Thursday, May 19, 2016

A Stephen King Tweet That Might Spoil A Huge Detail About the Dark Tower

So yeah, spoilers. I'm going to be talking spoilers from the end of the final book (which, you know, twelve years old, so I could make a statute of limitations argument here) and also a recent tweet by Stephen King that probably won't mean anything unless you've read that book, but also could give us details about the upcoming movie, details you'd still not really understand unless you knew how the final book ends.

We good?

Spoilers:


At the end of Roland's massive journey, he rather easily defeats the Crimson King, having Patrick Danville draw and then erase him from existence, leaving only his glowing red eyes floating in midair on the balcony of the Tower.

Roland steps into the Tower, and then King warns us that we might not like the true ending of the story, and perhaps it'd be best if we call it a series and go on with our lives. But like Roland, the reader has to know what's in the Tower. What Roland sees there are actually scenes from his own life, and when he gets to the top, or at least to the highest reachable room, he finds the Unfound Door, which opens out onto the Mohaime Desert - exactly where the story began.

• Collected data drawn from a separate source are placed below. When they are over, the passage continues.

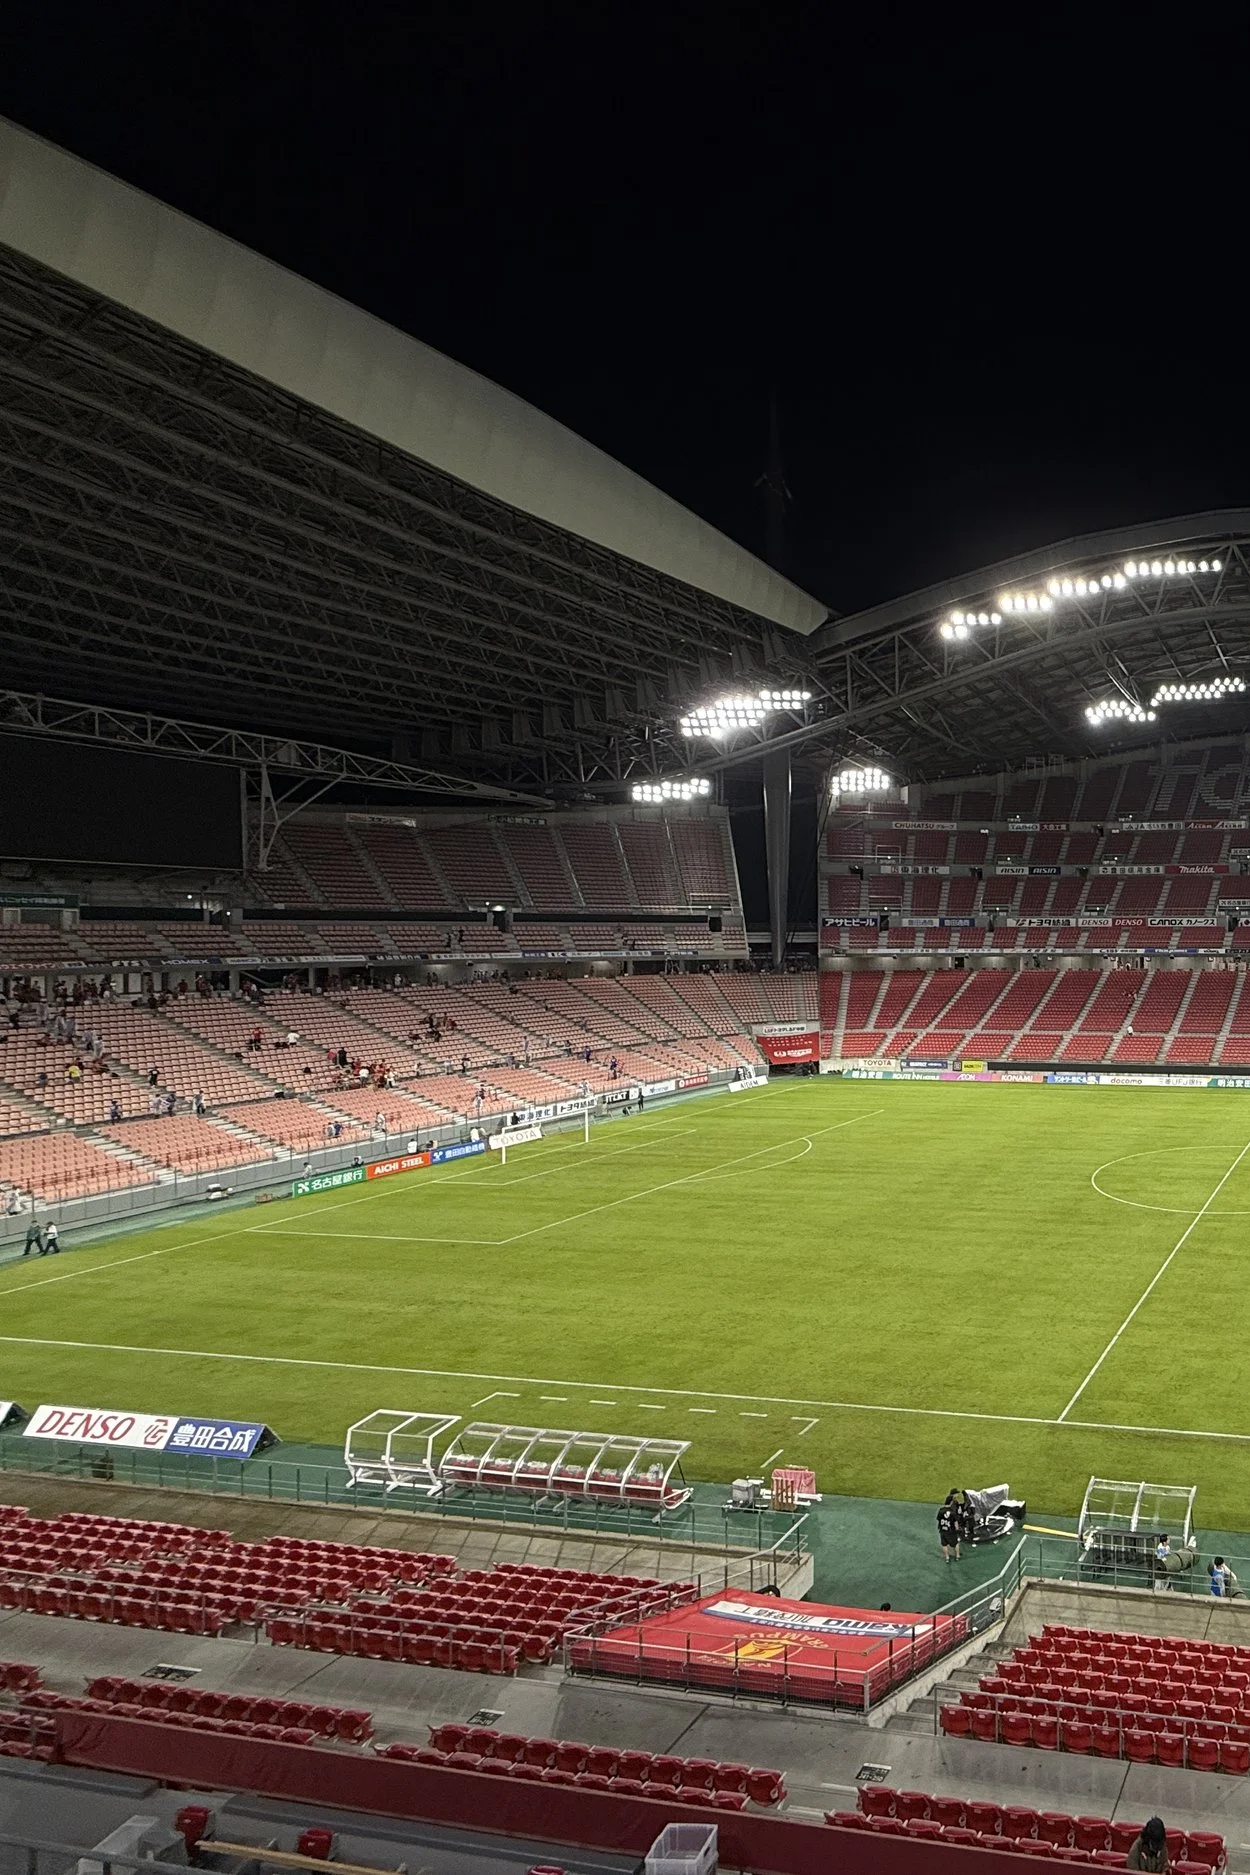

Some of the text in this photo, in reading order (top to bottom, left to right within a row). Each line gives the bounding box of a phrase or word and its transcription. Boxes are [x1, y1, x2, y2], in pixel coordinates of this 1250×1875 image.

[824, 918, 876, 928] アサヒビール
[863, 1059, 892, 1067] TOYOTA
[1001, 1074, 1033, 1082] KONAMI
[374, 1157, 425, 1175] AICHI STEEL
[311, 1169, 363, 1191] 名古屋銀行
[35, 1410, 137, 1442] DENSO
[169, 1422, 257, 1453] 豊田合成

Indeed, the final words of the book are "The Man in Black fled across the desert, and the Gunslinger followed."

But this time, things are different. When he reaches the Dark Tower, he is supposed to blow the Horn of Eld - an artifact that presumably would have performed some magical task that was necessary. Its purpose was hazy, of course, and I've actually considered a darker interpretation where the Horn is meant to herald the end of the world - that Roland's endless cycles have been what has been keeping the Tower standing.

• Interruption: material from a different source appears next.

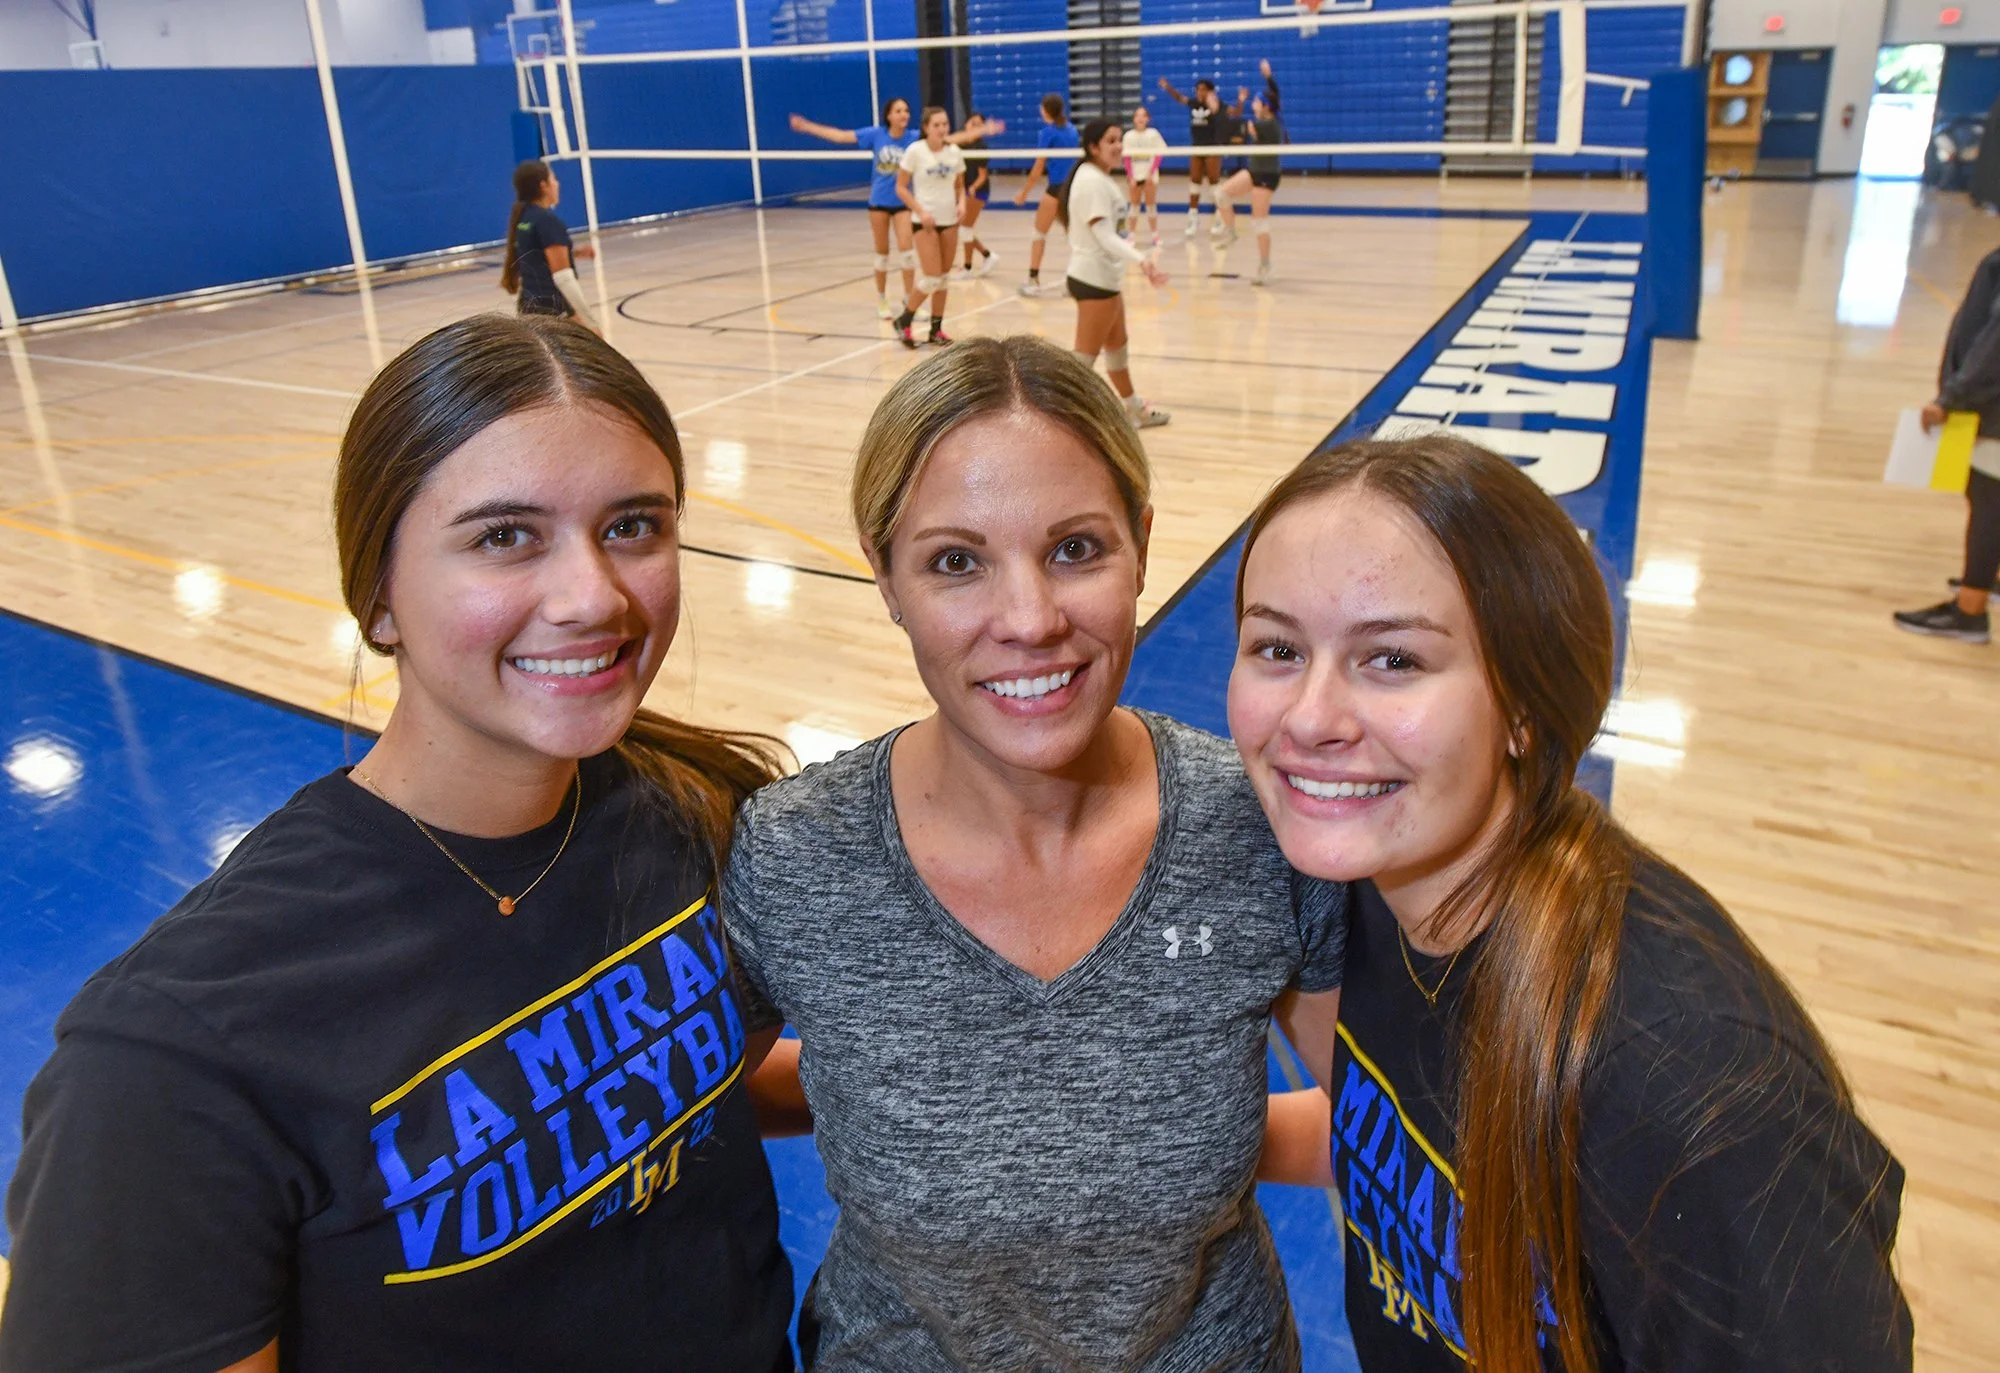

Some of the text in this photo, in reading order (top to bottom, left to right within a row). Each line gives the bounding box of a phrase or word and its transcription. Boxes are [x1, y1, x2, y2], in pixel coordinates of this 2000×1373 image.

[369, 1068, 518, 1210] LA
[589, 1185, 623, 1229] 20
[689, 1106, 715, 1148] 22

Probably not, though, because it's the Crimson King who wanted it destroyed, and when Roland steps through the Unfound Door, he now carries the Horn, which in the previous cycle he had lost, along with his best friend Cuthbert, at the Battle of Jericho Hill. Why would the Tower allow him to have the horn if it meant an end to a beneficial cycle? So perhaps this is really just the Tower (which basically is God, or Gan) taking pity on Roland and deciding that he's gone through enough.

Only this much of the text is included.